(Dataset entries)
------------------------------------------------

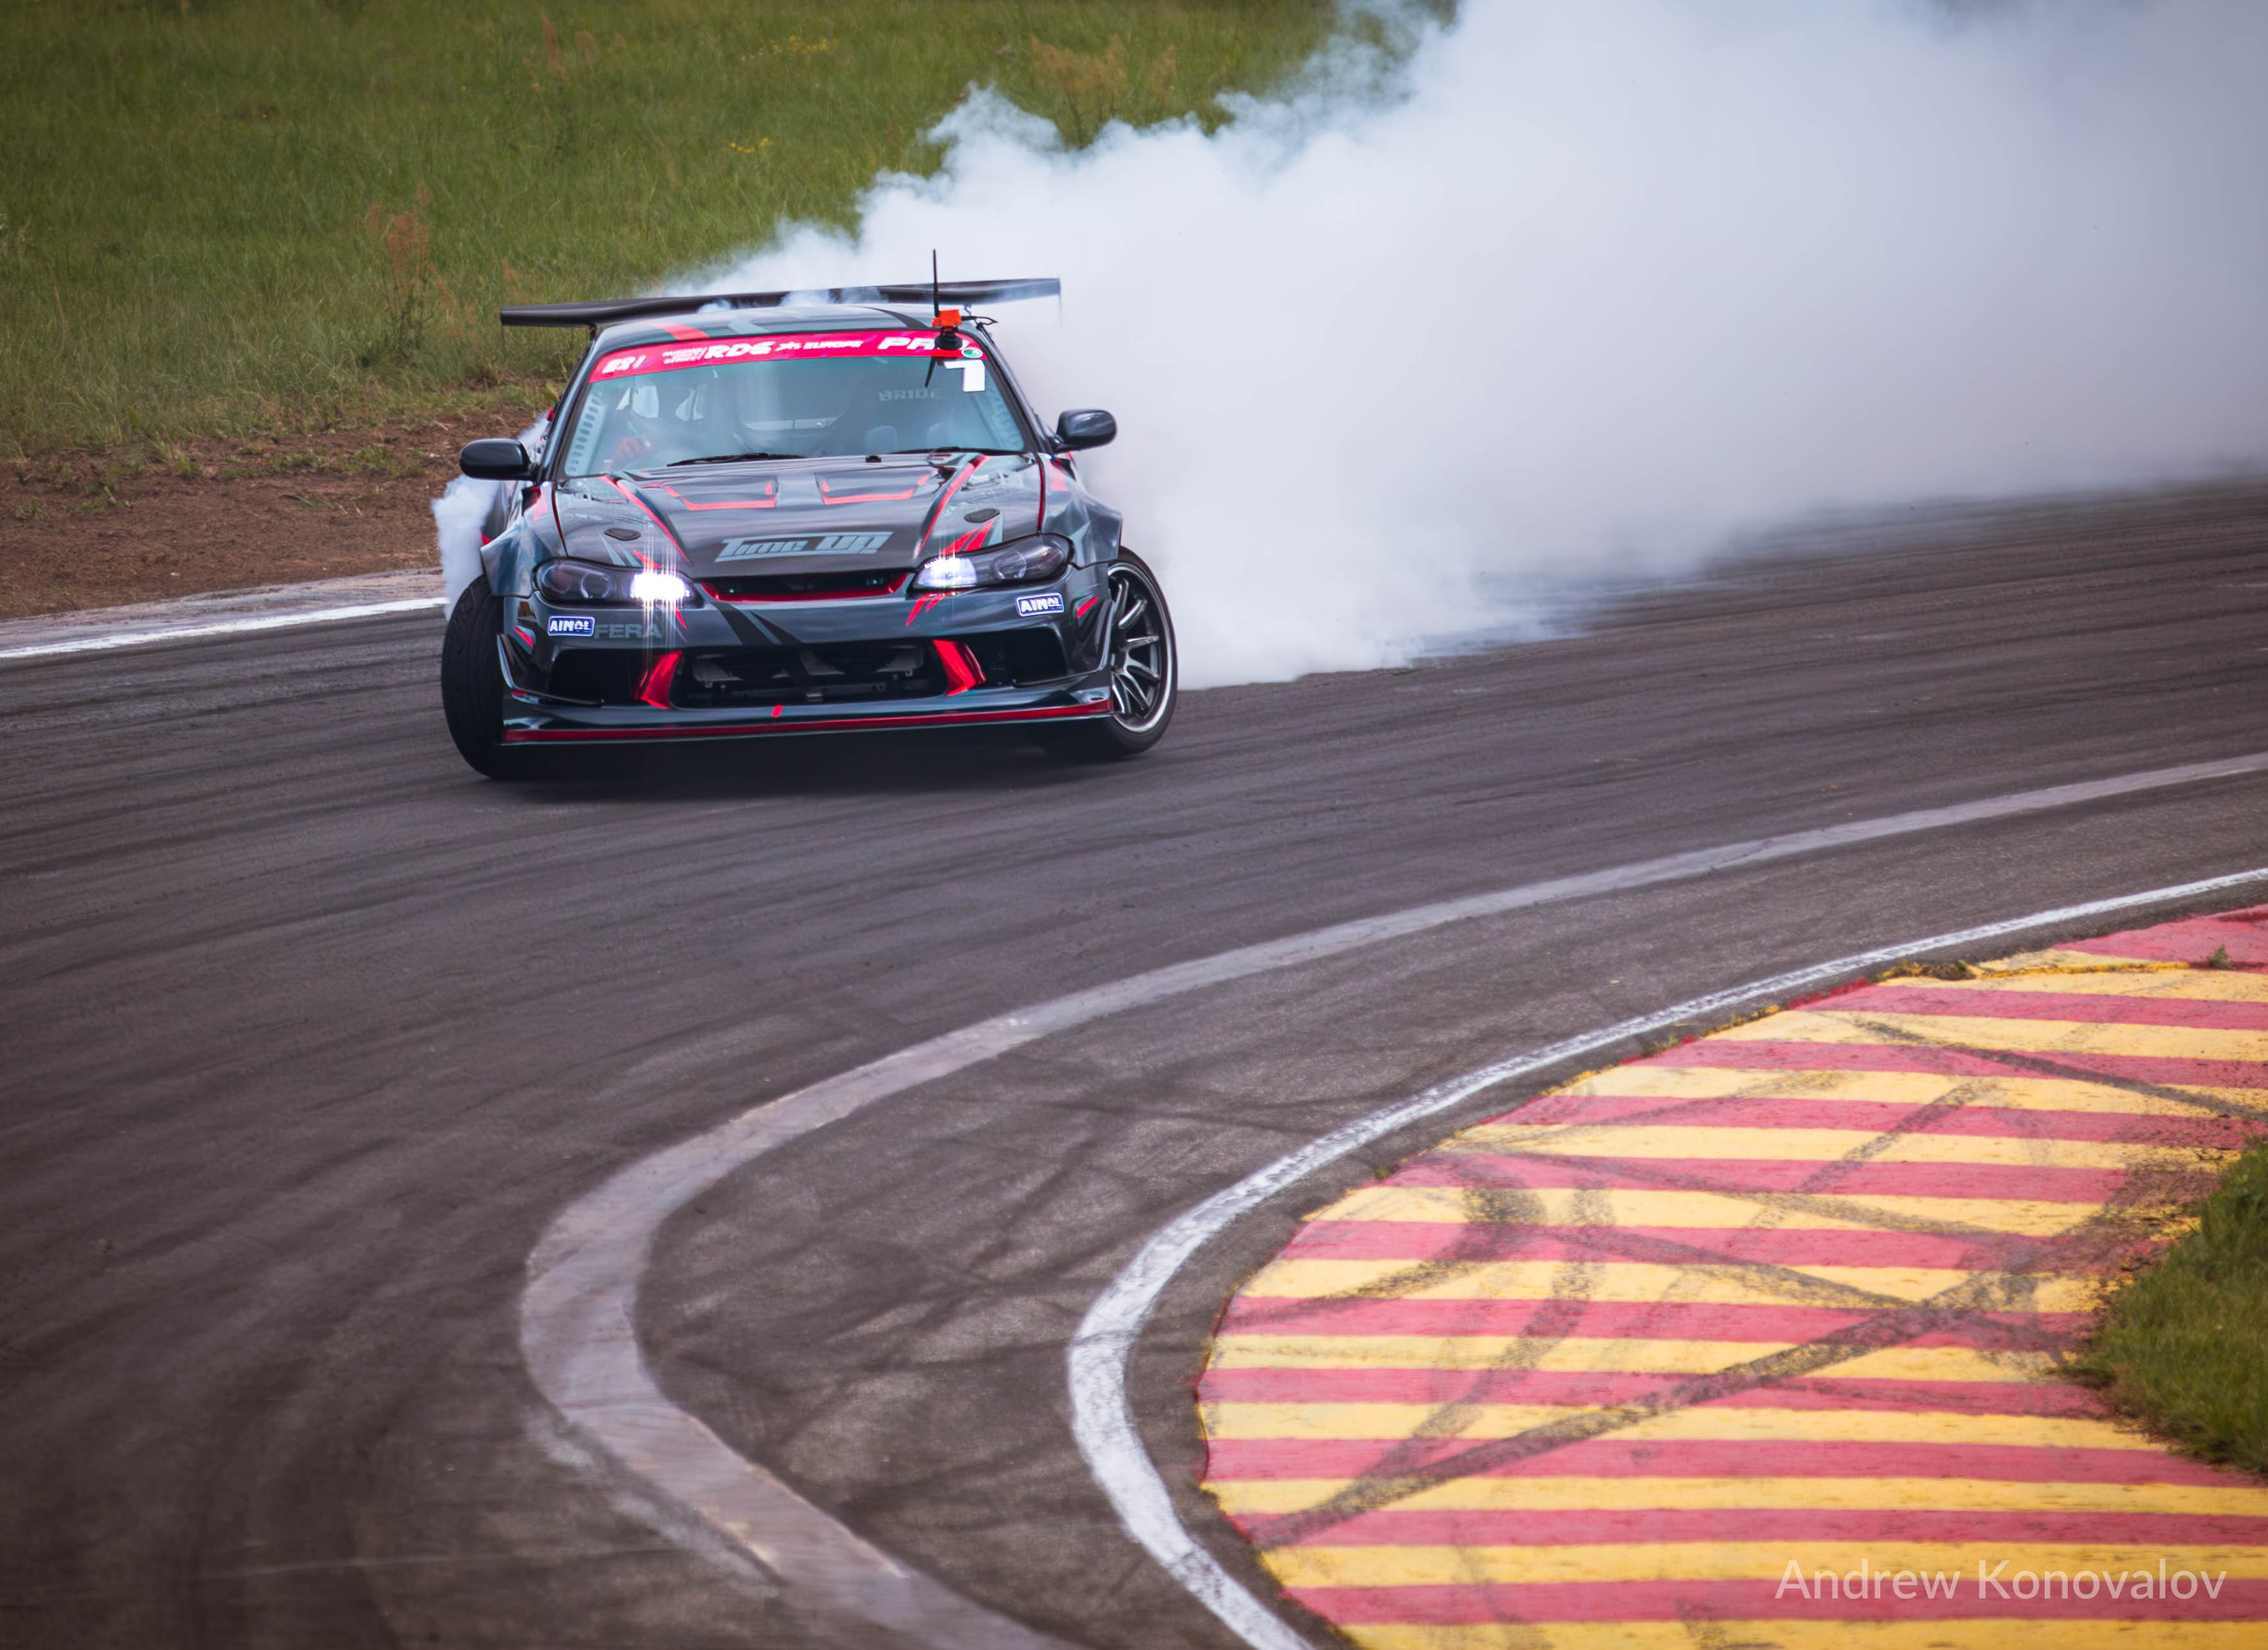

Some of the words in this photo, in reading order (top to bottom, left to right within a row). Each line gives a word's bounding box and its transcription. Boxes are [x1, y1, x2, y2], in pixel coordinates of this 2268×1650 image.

[803, 340, 864, 349] EUROPE
[877, 336, 970, 350] PR
[549, 619, 592, 632] AIMOL
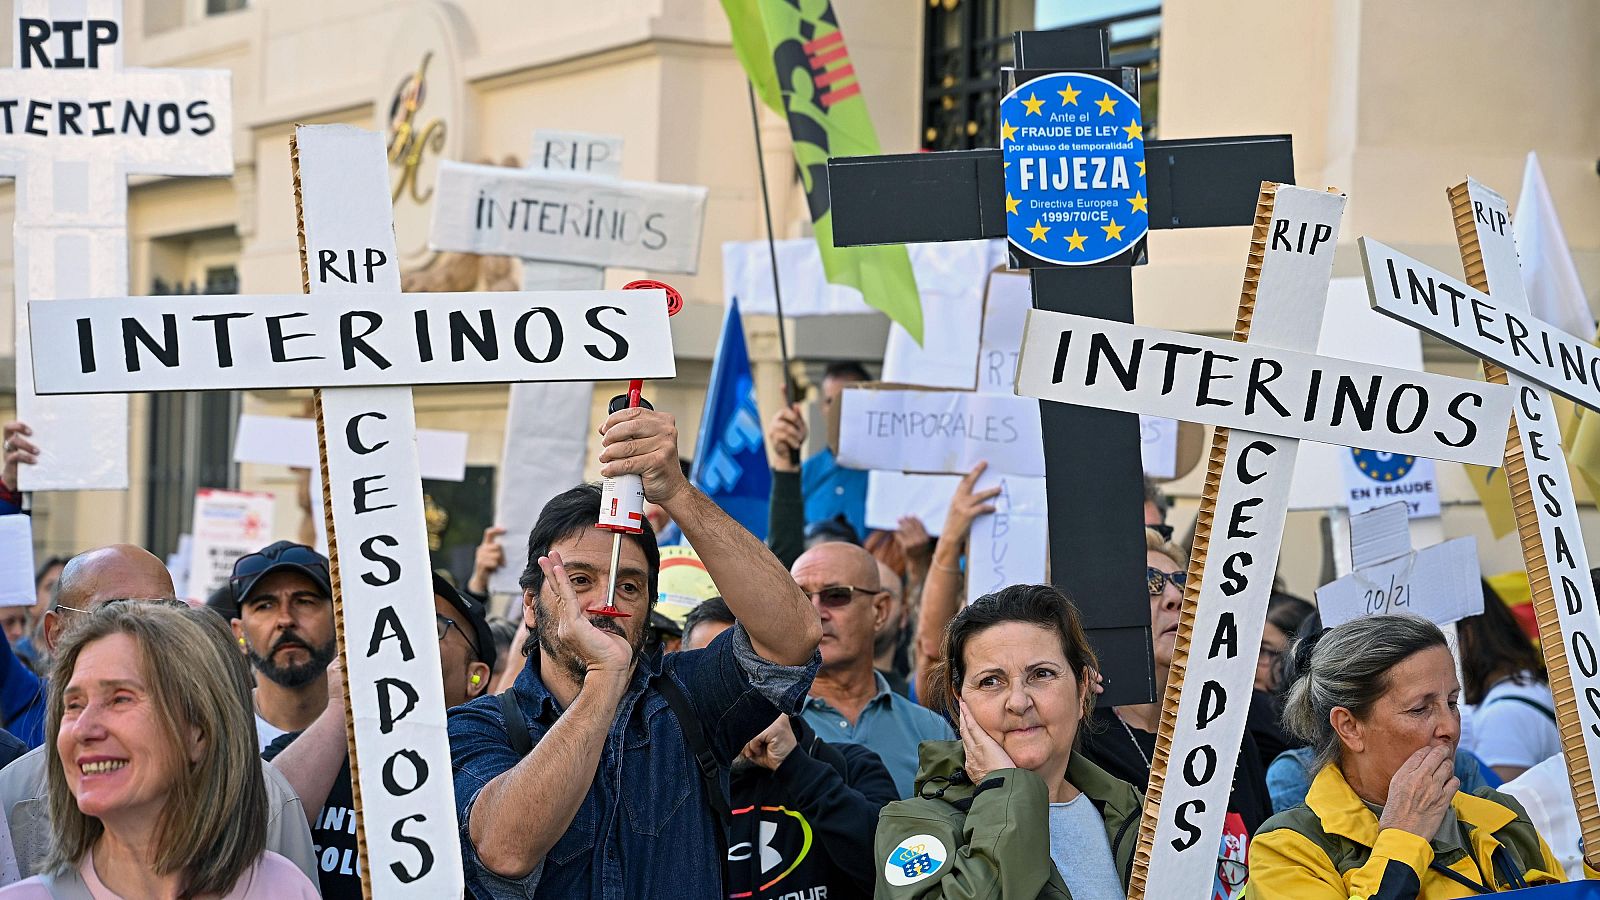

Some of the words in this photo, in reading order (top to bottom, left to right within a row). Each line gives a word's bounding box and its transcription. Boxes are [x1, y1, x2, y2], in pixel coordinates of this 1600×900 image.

[19, 18, 119, 69] RIP
[1021, 126, 1072, 138] FRAUDE
[1075, 126, 1093, 137] DE
[1095, 125, 1119, 137] LEY
[1049, 112, 1076, 123] Ante
[1079, 111, 1090, 123] el
[544, 139, 611, 171] RIP
[1008, 144, 1025, 153] por
[1026, 142, 1056, 152] abuso
[1058, 142, 1070, 151] de
[1071, 141, 1134, 152] temporalidad
[1019, 155, 1130, 191] FIJEZA
[1030, 199, 1074, 209] Directiva
[1076, 198, 1119, 210] Europea
[1041, 210, 1109, 223] 1999/70/CE
[1475, 201, 1507, 236] RIP
[1271, 219, 1332, 255] RIP
[318, 249, 387, 284] RIP
[76, 305, 630, 374] INTERINOS
[1052, 331, 1483, 448] INTERINOS
[866, 410, 1018, 443] TEMPORALES
[1351, 487, 1372, 501] EN
[1375, 480, 1433, 497] FRAUDE
[345, 411, 435, 884] CESADOS
[1170, 440, 1277, 853] CESADOS
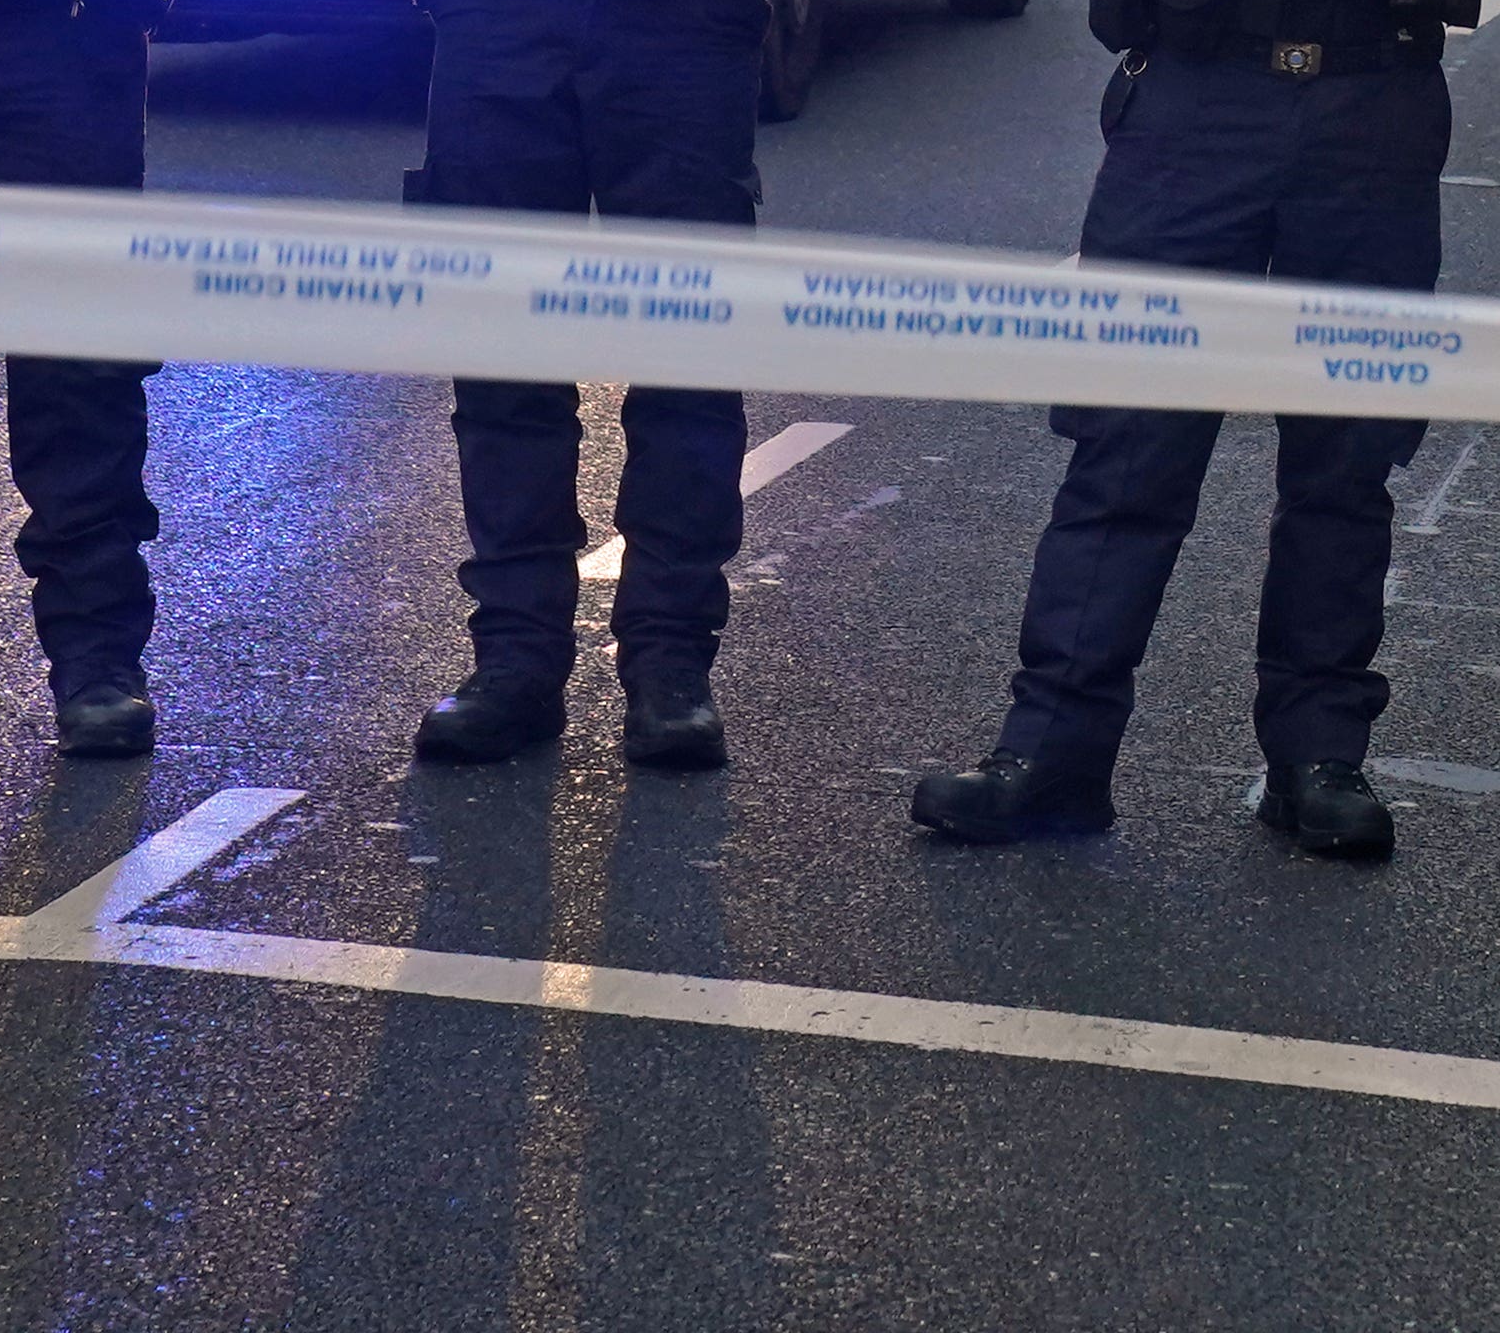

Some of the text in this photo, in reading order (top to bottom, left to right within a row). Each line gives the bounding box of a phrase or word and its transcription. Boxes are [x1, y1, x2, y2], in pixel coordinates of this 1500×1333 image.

[129, 235, 493, 280] COSC AR DHUL ISTEACH
[194, 270, 424, 309] LÁTHAIR COIRE
[563, 258, 713, 290] NO ENTRY
[803, 273, 956, 307] SÍOCHÁNA
[530, 290, 733, 323] CRIME SCENE
[965, 283, 1071, 310] GARDA
[1079, 289, 1120, 311] AN
[781, 302, 1200, 347] UIMHIR THEILEAFÓIN RÚNDA
[1295, 324, 1462, 354] Confidential
[1325, 359, 1429, 384] GARDA
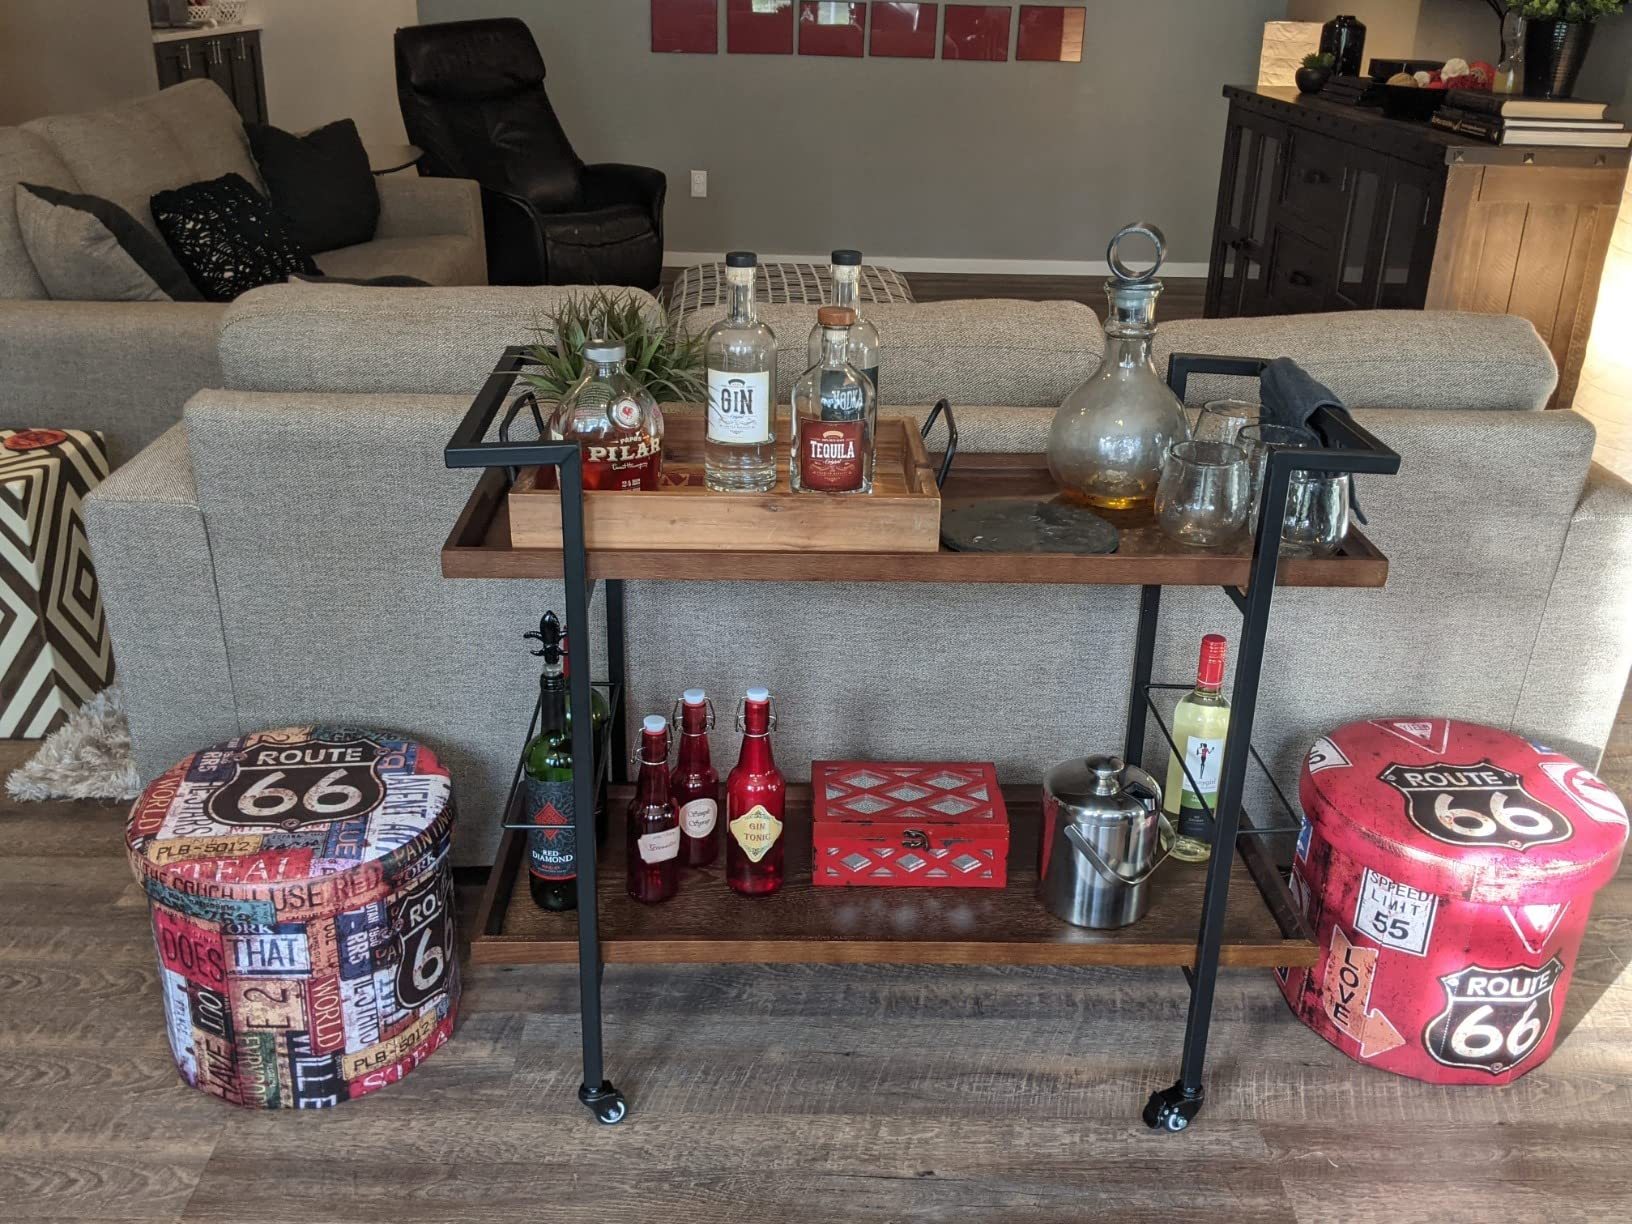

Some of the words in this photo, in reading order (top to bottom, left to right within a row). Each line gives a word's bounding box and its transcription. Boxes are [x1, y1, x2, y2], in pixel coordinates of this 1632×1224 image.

------------------------------------------------

■ WHAT THE TASK ASKS ■
Reproduce each line of the records exactly, and omit every picture.

■ RESULT OF THIS EXERCISE ■
Some of the words in this photo, in reading order (top to bottom, left to right within a row). Each line gives a word's bounding box and its transcription. Boxes are [x1, y1, x2, y2], in pixel coordinates of this 2268×1650 image.

[803, 340, 864, 349] EUROPE
[877, 336, 970, 350] PR
[549, 619, 592, 632] AIMOL

Some of the words in this photo, in reading order (top to bottom, left to right within a row). Each line gives a word's bounding box and its transcription. Boxes are [x1, y1, x2, y2], in pixel coordinates of this 1600×900 image.

[19, 18, 119, 69] RIP
[1021, 126, 1072, 138] FRAUDE
[1075, 126, 1093, 137] DE
[1095, 125, 1119, 137] LEY
[1049, 112, 1076, 123] Ante
[1079, 111, 1090, 123] el
[544, 139, 611, 171] RIP
[1008, 144, 1025, 153] por
[1026, 142, 1056, 152] abuso
[1058, 142, 1070, 151] de
[1071, 141, 1134, 152] temporalidad
[1019, 155, 1130, 191] FIJEZA
[1030, 199, 1074, 209] Directiva
[1076, 198, 1119, 210] Europea
[1041, 210, 1109, 223] 1999/70/CE
[1475, 201, 1507, 236] RIP
[1271, 219, 1332, 255] RIP
[318, 249, 387, 284] RIP
[76, 305, 630, 374] INTERINOS
[1052, 331, 1483, 448] INTERINOS
[866, 410, 1018, 443] TEMPORALES
[1351, 487, 1372, 501] EN
[1375, 480, 1433, 497] FRAUDE
[345, 411, 435, 884] CESADOS
[1170, 440, 1277, 853] CESADOS

Some of the text in this photo, in reading order (top to bottom, left to right within a row). Each line gives the bounding box of a phrase or word and its transcription. Boxes are [x1, y1, x2, y2], in pixel coordinates of this 1500×1333 image.

[129, 235, 493, 280] COSC AR DHUL ISTEACH
[194, 270, 424, 309] LÁTHAIR COIRE
[563, 258, 713, 290] NO ENTRY
[803, 273, 956, 307] SÍOCHÁNA
[530, 290, 733, 323] CRIME SCENE
[965, 283, 1071, 310] GARDA
[1079, 289, 1120, 311] AN
[781, 302, 1200, 347] UIMHIR THEILEAFÓIN RÚNDA
[1295, 324, 1462, 354] Confidential
[1325, 359, 1429, 384] GARDA

Some of the words in this photo, in reading order (top to bottom, left to right within a row). Each line gives a word's bounding box and its transcription. Boxes are [x1, y1, x2, y2], in pixel coordinates of this 1632×1224 image.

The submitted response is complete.